Поэтому особенная страница в истории мировой военной фотографии — съемки Гражданской войны в Америке, войны Севера и Юга XIX века. Самые известные имена военной фотографии той войны — Гарднер и О"Салливан, Брэдли. Как писала Сьюзан Зонтаг, «Ужасы Гражданской войны в США, запечатленные на фотографиях Мэтью Брэдли и его коллег, в частности, снимки изможденных военнопленных южан, лишь подхлестнули антиюжные настроения северян. Отсюда следует вывод: фотография не может создать нравственную установку, но она может чрезвычайно способствовать укреплению уже выработанной или нарождающейся нравственной позиции» (Сьюзан Зонтаг. Из статьи «Взгляд на фотографию», 1971, пер. С. Гитмана, 1989) Таким образом, уже в те годы военная фотография обозначила сферу и показала мощь своего влияния на умы зрителей.

Со временем военная фотография становится все более изощренным инструментом познания свершившейся на полях сражений истории. В конце XIX века появляются компактные камеры, съемка переходит на пленку (до того самыми распространенными с 1860-х были стеклянные негативы). Появляется большая оперативность. Фотография уже не просто фиксация пост-фактум, но донесение с места во время сражения. Русско-японская, Первая Мировая войны вошли в историю не только как подробно запротоколированные кампании; в свидетельствах о них появляется новая, неофициальная точка зрения: войну снимают не только фотографы, передвигающиеся с официальными лицами, но офицеры и даже солдаты — фотографы-любители. (Тогда же расцветает и шпионская фотография, из-за которой во Вторую Мировую с таким подозрением относятся к людям с камерой, но не в военной форме). Уже Первая Мировая война становится не только захватывающим зрелищем, становится фактом достоверным и неприглядным. Субъективное осознание войны изнутри ее участниками выливается в появление новой литературы, произведений Эриха Марии Ремарка, экспрессионизм в новой европейской живописи, а в фотографии — к появлению нового жанра — фотожурналистики и точнее, военной фотожурналистики...

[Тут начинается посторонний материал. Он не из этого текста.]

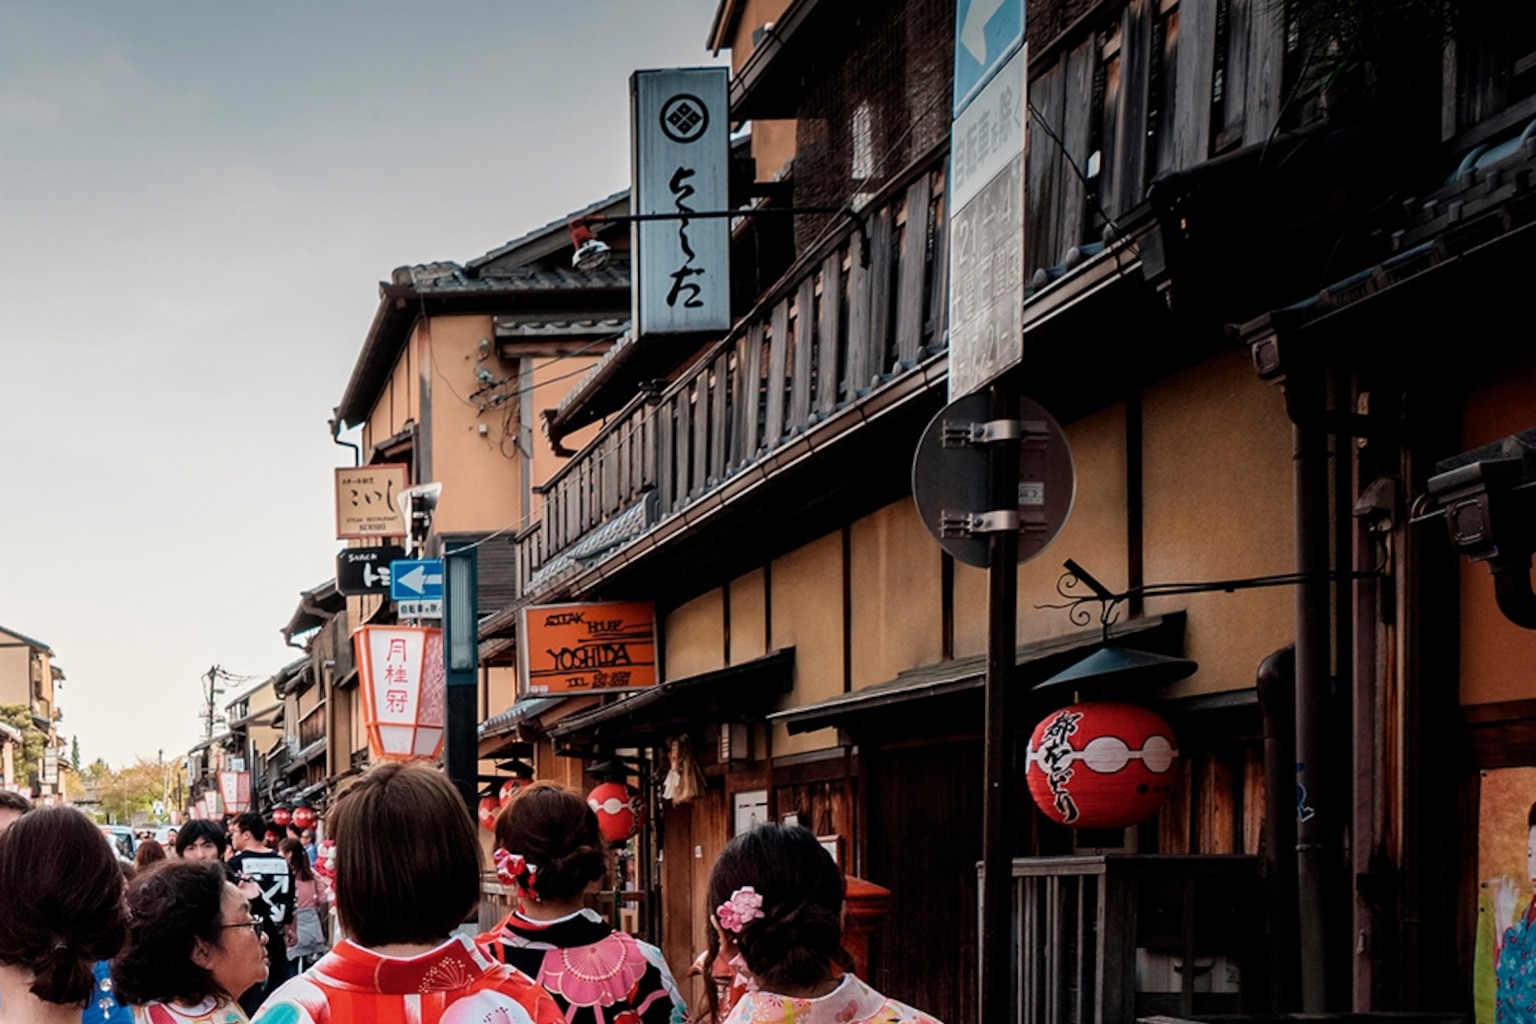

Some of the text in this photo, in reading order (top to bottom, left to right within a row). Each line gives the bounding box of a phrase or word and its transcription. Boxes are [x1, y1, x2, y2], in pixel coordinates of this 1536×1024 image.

[384, 639, 408, 713] 月桂冠
[546, 643, 632, 671] YOSHIDA
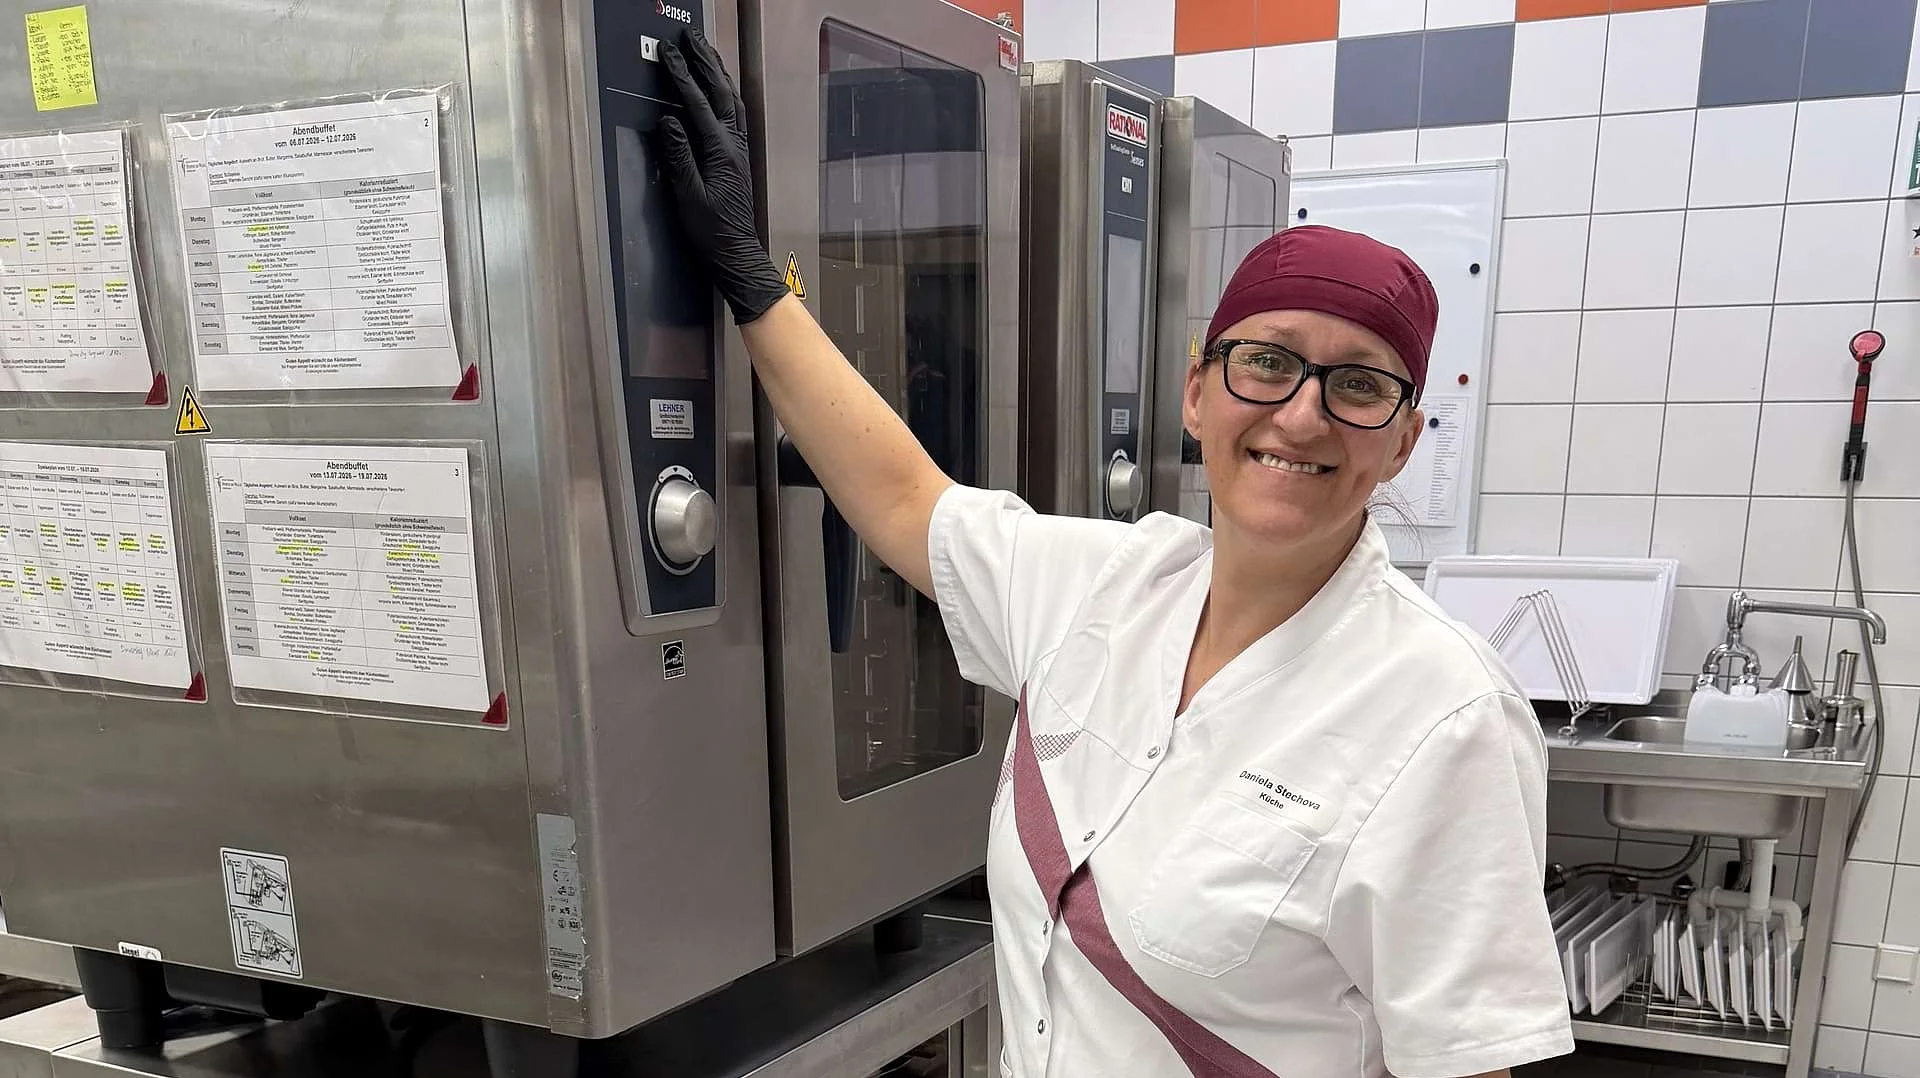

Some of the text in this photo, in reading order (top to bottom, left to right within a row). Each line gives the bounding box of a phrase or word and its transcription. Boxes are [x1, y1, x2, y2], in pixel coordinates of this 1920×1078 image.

[424, 118, 429, 127] 2
[1110, 111, 1146, 140] RATIONAL
[293, 124, 336, 135] Abendbuffet
[659, 403, 685, 413] LEHNER
[327, 462, 368, 470] Abendbuffet
[455, 468, 459, 476] 3
[226, 549, 244, 557] Dienstag
[228, 588, 250, 596] Donnerstag
[1239, 770, 1320, 810] Daniela Stechova
[1259, 792, 1284, 809] Küche
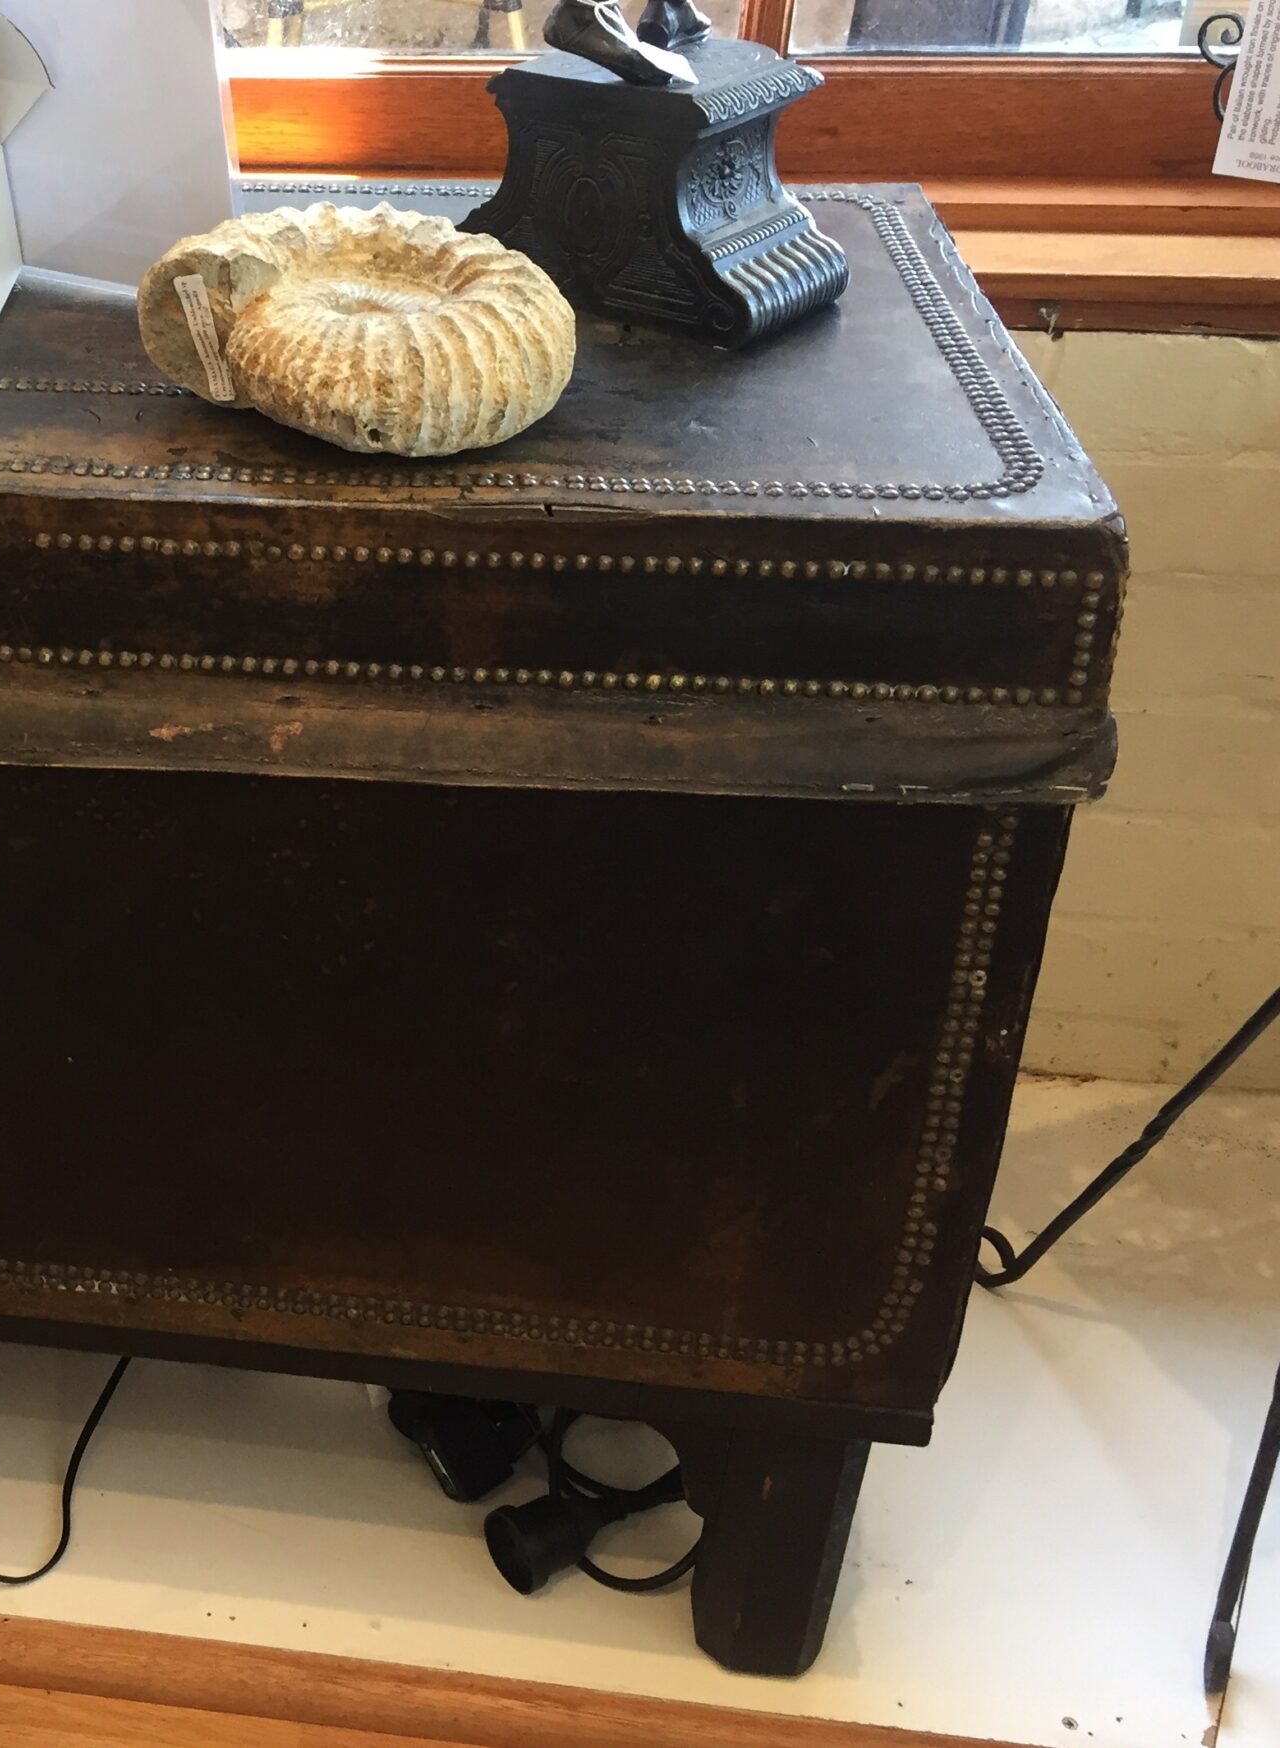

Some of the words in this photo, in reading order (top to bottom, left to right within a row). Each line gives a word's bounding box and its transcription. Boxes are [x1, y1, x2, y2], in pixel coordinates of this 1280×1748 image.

[1257, 1, 1264, 12] on
[1263, 18, 1273, 29] by
[1248, 38, 1256, 54] iron
[1256, 30, 1269, 57] formed
[1267, 53, 1274, 61] of
[1241, 55, 1252, 87] wrought
[1250, 60, 1262, 88] shapes
[1261, 63, 1272, 87] traces
[1233, 89, 1245, 112] Italian
[1258, 89, 1266, 105] with
[1242, 90, 1255, 127] elaborate
[1232, 113, 1239, 122] of
[1227, 123, 1237, 139] Pair
[1238, 128, 1247, 141] the
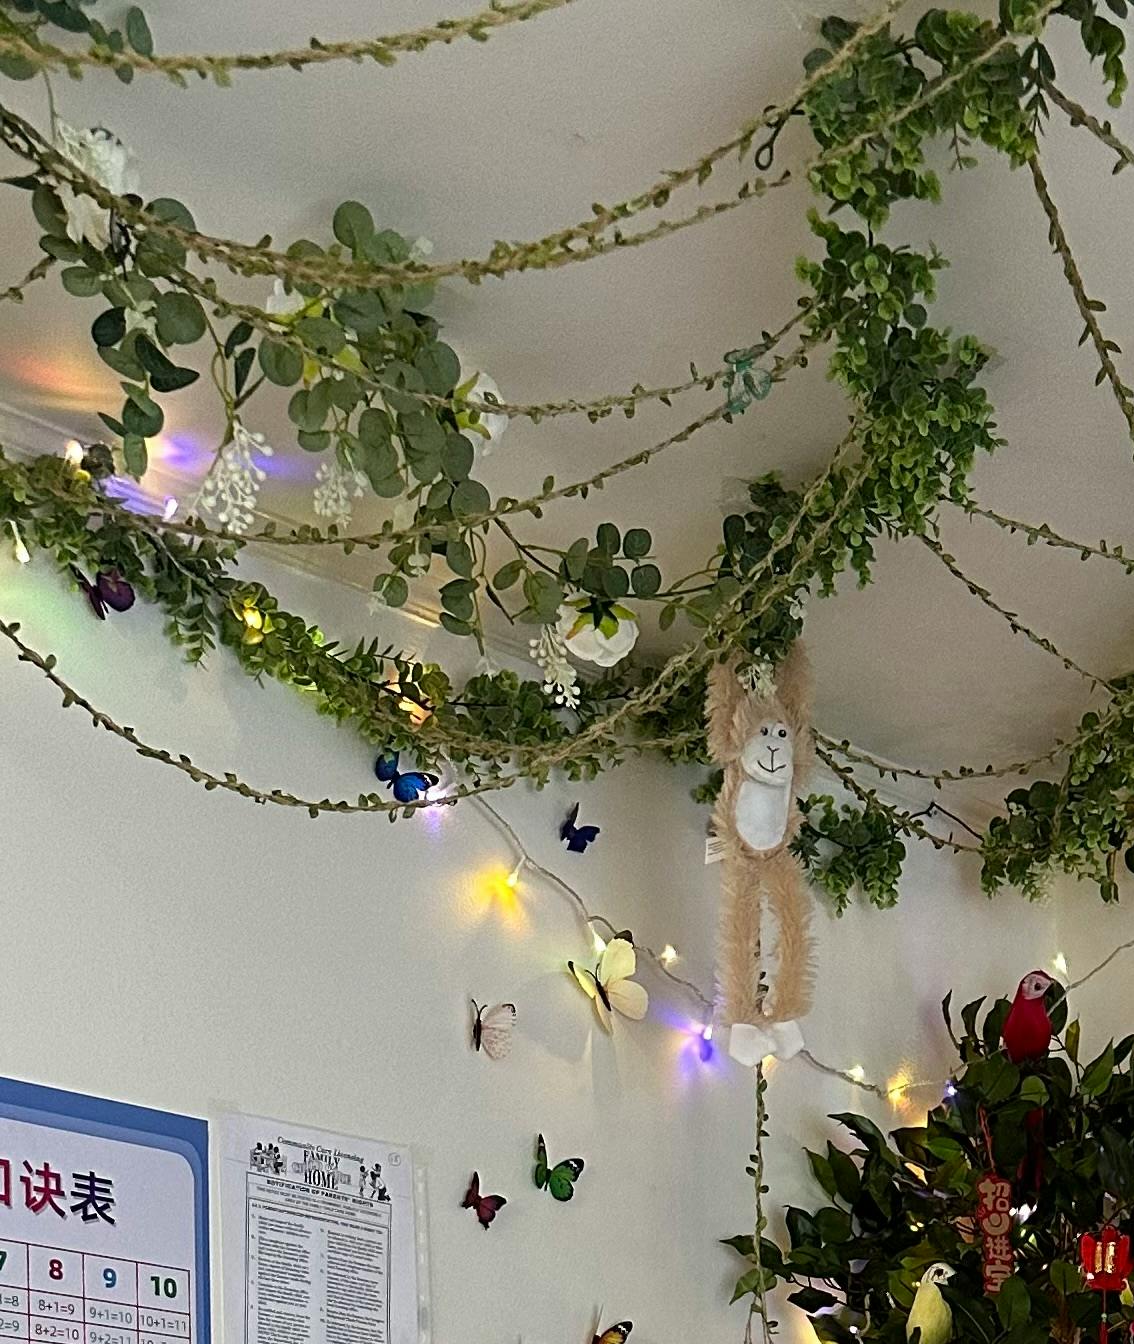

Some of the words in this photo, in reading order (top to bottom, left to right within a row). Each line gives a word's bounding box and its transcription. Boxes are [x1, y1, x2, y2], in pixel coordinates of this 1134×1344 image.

[0, 1158, 116, 1225] 诀表
[50, 1258, 64, 1280] 8
[102, 1268, 118, 1288] 9
[150, 1276, 178, 1298] 10
[38, 1299, 75, 1315] 8+1=9
[35, 1324, 80, 1340] 8+2=10

Фотография 1920-х -1930-х годов, расцвета модернизма, и технически, и по настрою профессионалов — настроенных снимать не только красоту, но и ужас, не только гармонию, но смерть, — оказалась готова к началу Гражданской войны в Испании. Там работали такие мастера, как Роберт Капа. «Смерть республиканца» принесла Роберту Капе всемирную известность, но эта же фотография расставила точки над и для множества людей во всем мире, не только смотревших, но видевших события той войны сквозь фотографию...

Вторую Мировую войну мы представляем себе, во многом, сквозь призму фотографии. Благодаря таким мастерам, как Эжен Смит, Маргарет Бурк-Уайт, Евгений Халдей, Дмитрий Бальтерманц, Борис Игнатович, Аркадий Шайхет и многим другим нам кажется, что мы знаем о той войне все: все о ее буднях и сражениях, о жизни на фронте и в тылу, в осажденном Ленинграде и в освобожденной от фашистов Франции. В ряду великих по силе убеждения фотографий той войны много произведений советских фотокорреспондентов. И дело не только в решающей роли советских войск в той войне, но в том, что советские фотокорреспонденты создавали фотографии, вмещающие в себя жестко выстроенное, лаконичное и последовательное сообщение; их снимки были образными и искренними по убежденности фотографов и их героев в своей правоте...

Войны после Второй Мировой принесли в историю визуальной культуры мира каждая не по одной и не по две — много замечательных снимков. Но от этого, правда, об этих войнах, боль, высказанные фотографами, не стали меньше или красивее. На каждой из этих войн появлялись новые имена в фотографии и погибали великие фотографы. Операция в Индокитае унесла жизнь Р. Капы и Чимы; Вьетнам стал звездным часом и последним местом съемки для Лари Берроуза; в Сальвадоре погиб Ричард Кросс; Ирак унес жизнь Джеймса Нахтвея; в Чечне погиб российский фотожурналист Адлан Хасанов, — и это короткая выборка из длинного скорбного списка.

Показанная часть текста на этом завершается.